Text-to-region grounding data
════════════════════
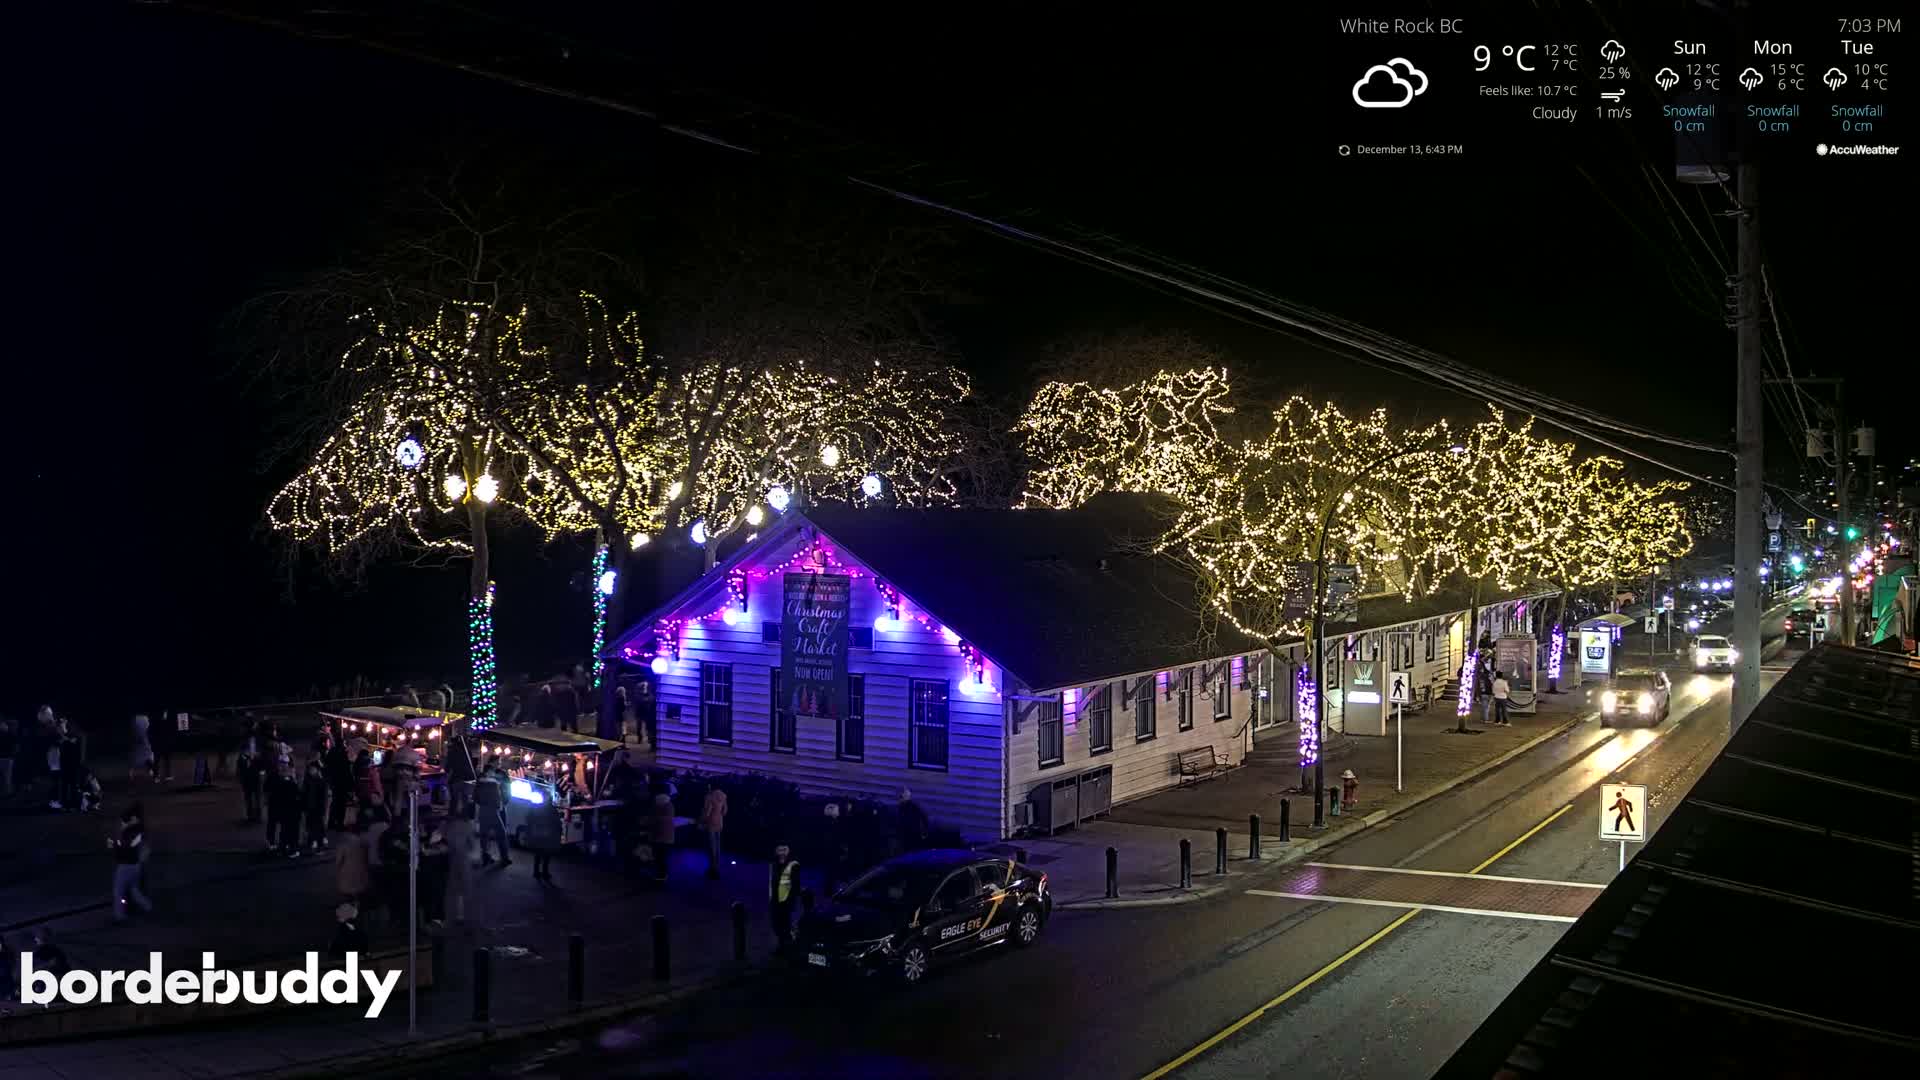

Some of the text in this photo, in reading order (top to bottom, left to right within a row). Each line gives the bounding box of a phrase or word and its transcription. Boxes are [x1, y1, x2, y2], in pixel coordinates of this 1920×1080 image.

[787, 600, 846, 619] Christmas
[798, 617, 831, 644] Craft
[791, 636, 837, 656] Market
[794, 666, 811, 680] NOW
[940, 917, 982, 940] EAGLE EYE
[979, 922, 1012, 940] SECURITY
════════════════════
Description of the task —
All entries above, minus the pictures, should be repeated exactly.

Response to the task —
Some of the text in this photo, in reading order (top to bottom, left to right within a row). Each line gives the bounding box of a phrase or word and its transcription. Boxes are [x1, y1, x2, y2], in pixel coordinates of this 1920×1080 image.

[787, 600, 846, 619] Christmas
[798, 617, 831, 644] Craft
[791, 636, 837, 656] Market
[794, 666, 811, 680] NOW
[940, 917, 982, 940] EAGLE EYE
[979, 922, 1012, 940] SECURITY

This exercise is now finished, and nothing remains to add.